Referring expression grounding data:
——
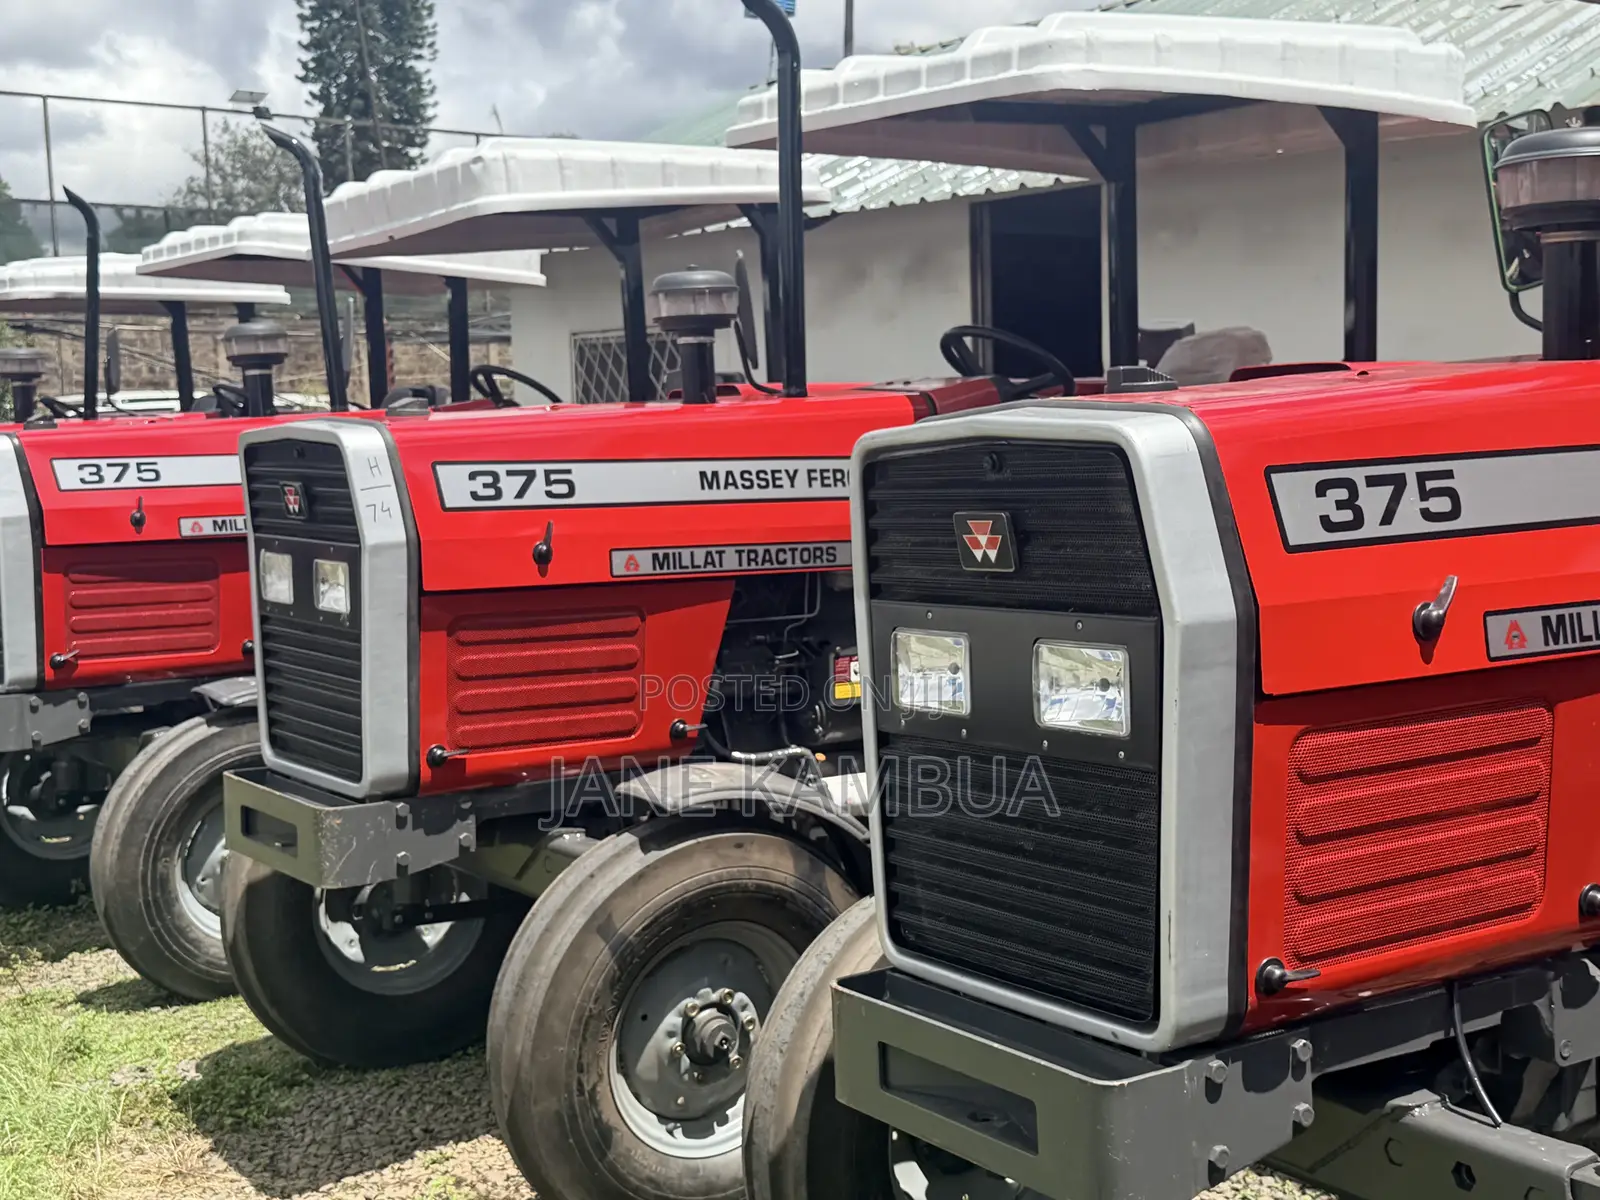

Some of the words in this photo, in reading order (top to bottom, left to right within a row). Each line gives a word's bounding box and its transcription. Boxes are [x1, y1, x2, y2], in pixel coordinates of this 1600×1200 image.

[78, 461, 161, 484] 375
[367, 456, 382, 477] H
[467, 468, 577, 502] 375
[699, 468, 799, 491] MASSEY
[806, 468, 850, 489] FER
[365, 500, 392, 523] 74
[1314, 469, 1462, 533] 375
[651, 549, 726, 571] MILLAT
[735, 546, 837, 567] TRACTORS
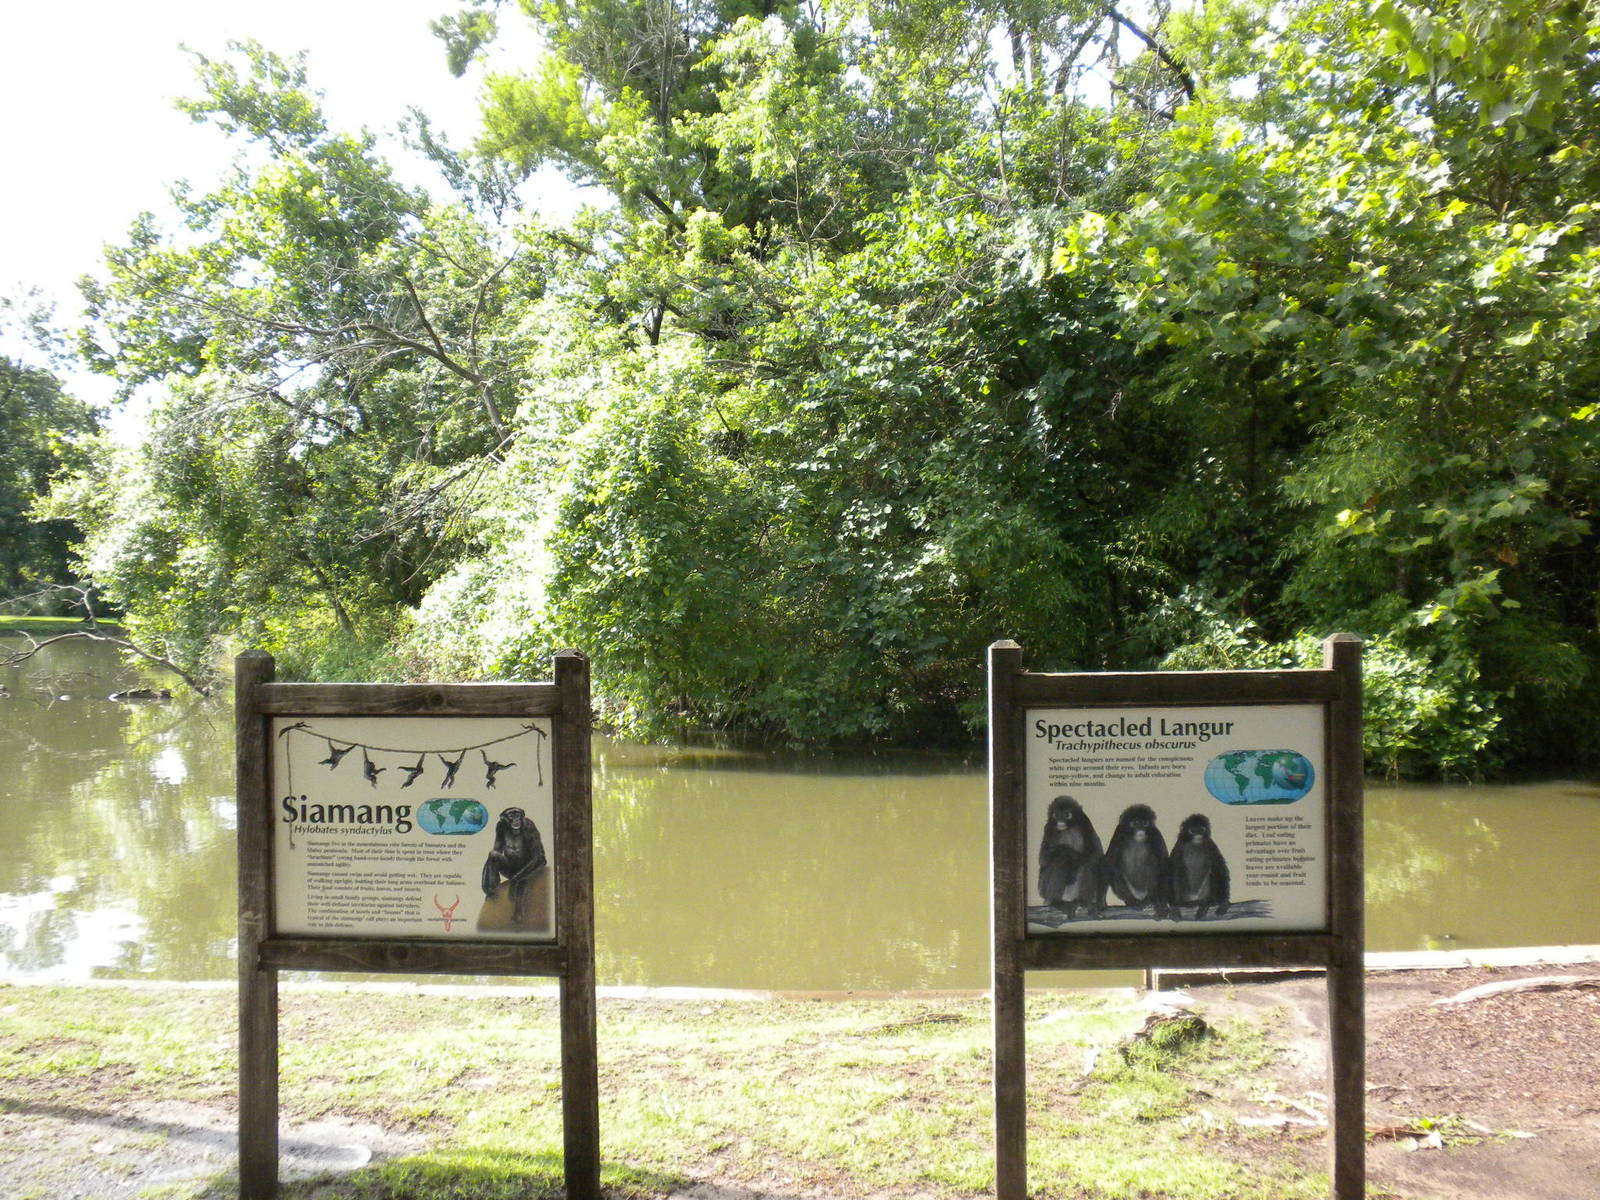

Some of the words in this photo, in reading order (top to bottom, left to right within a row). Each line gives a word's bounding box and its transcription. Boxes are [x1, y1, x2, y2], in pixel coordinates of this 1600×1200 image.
——
• _To do_
Copy the data exactly. Pictures do not belong in the copy.

• _Written response_
Some of the words in this photo, in reading order (top to bottom, left to right within a row). Each line gives a word's bounding box and its transcription. Boxes are [x1, y1, x2, y2], in pixel coordinates of this 1600×1200 image.

[78, 461, 161, 484] 375
[367, 456, 382, 477] H
[467, 468, 577, 502] 375
[699, 468, 799, 491] MASSEY
[806, 468, 850, 489] FER
[365, 500, 392, 523] 74
[1314, 469, 1462, 533] 375
[651, 549, 726, 571] MILLAT
[735, 546, 837, 567] TRACTORS

Some of the words in this photo, in reading order (top to bottom, left to right within a row). Each line gives a word's bounding box and its transcription. Boxes are [x1, y1, x2, y2], in pixel coordinates of this 1600×1200 image.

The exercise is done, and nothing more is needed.